El enorme éxito de Frozen: una aventura congelada dejó la certeza de que habría una secuela. La historia no necesitaba continuarse, pero las posibilidades comerciales de semejante fenómeno no podían ser derrochadas. Como suele suceder, lo que comenzó siendo algo novedoso y sorprendente pasó a ser conocido y a generar expectativas muy difíciles de cumplir.
Frozen II recurre al pasado de la familia de Elsa y Anna en busca de una trama. Las hermanas deben viajar a un bosque que quedó atrapado en una especie de neblina luego de un enfrentamiento entre los soldados del reino de Arendelle y el pueblo originario de Northundra. Ese lugar fue muy importante en la historia de sus padres y tal vez contenga alguna clave para entender la naturaleza mágica de Elsa. Por supuesto que las protagonistas están acompañadas en la aventura por Kristoff, el amor de Anna, y Olaf, el adorable muñeco de nieve que aporta encanto y comedia.
Continuando con el cambio de paradigma de las historias de princesas que popularizó Frozen: una aventura congelada, en esta secuela las preocupaciones románticas están puestas en Kristoff, ocupando un segundo plano, y tratadas con mucho humor (incluyendo una divertida escena musical que imita un videoclip de balada romántica).
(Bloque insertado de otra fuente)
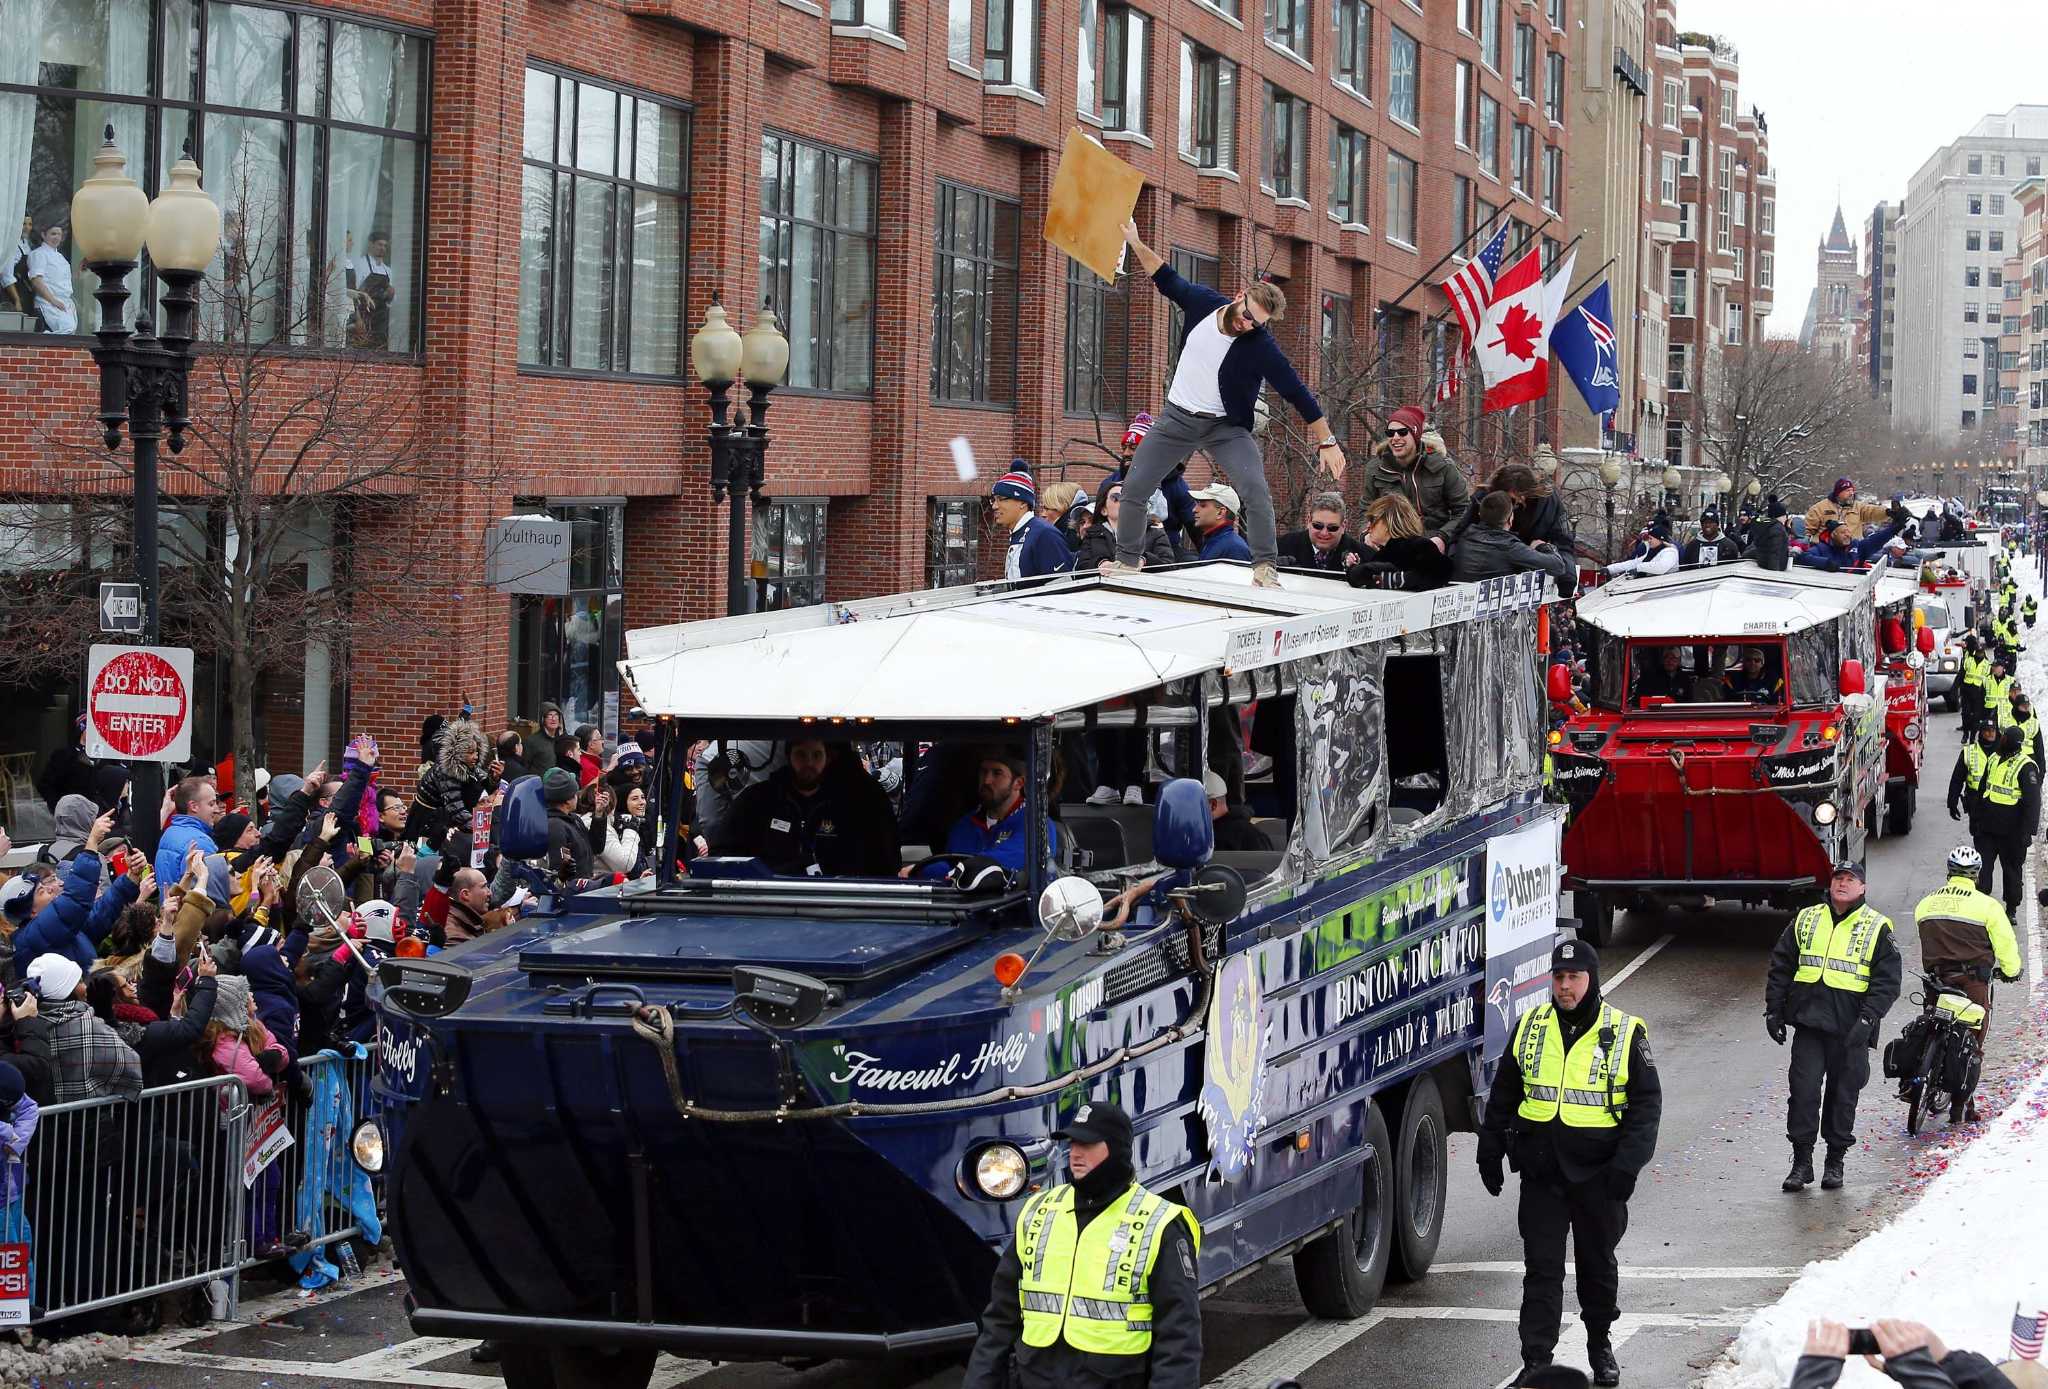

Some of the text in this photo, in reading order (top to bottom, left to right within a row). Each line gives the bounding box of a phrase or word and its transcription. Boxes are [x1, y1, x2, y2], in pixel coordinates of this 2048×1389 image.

El centro del film siguen siendo Anna y Elsa, reforzando una vez más su lazo fraternal, ambas en búsquedas que tienen que ver con sus identidades y ambiciones, muy lejos de las historias de princesas rescatadas por príncipes valientes.
Son cambios bienvenidos en este tipo de relatos orientados al público familiar. Pero, por otro lado, la falta de un personaje antagónico fuerte les quita algo de emoción a las aventuras de las hermanas, quienes se encuentran con muchos obstáculos en su camino, además de los internos propios, pero no con una amenaza terrorífica, al estilo Maléfica (la de La bella durmiente, no la versión Angelina Jolie).
Más allá de todo esto, Frozen II se destaca en la calidad de la animación. Vale la pena pasar por alto los detalles de una trama poco apasionante por la admirable secuencia en la que Elsa intenta cruzar el mar y se encuentra con un caballo de agua. Describirlo es superfluo: basta con decir que está a la altura de los grandes clásicos animados de Disney y, aunque toda la película tiene una estética de gran belleza, esa secuencia condensa el poder de la animación como materialización de la fantasía en la pantalla.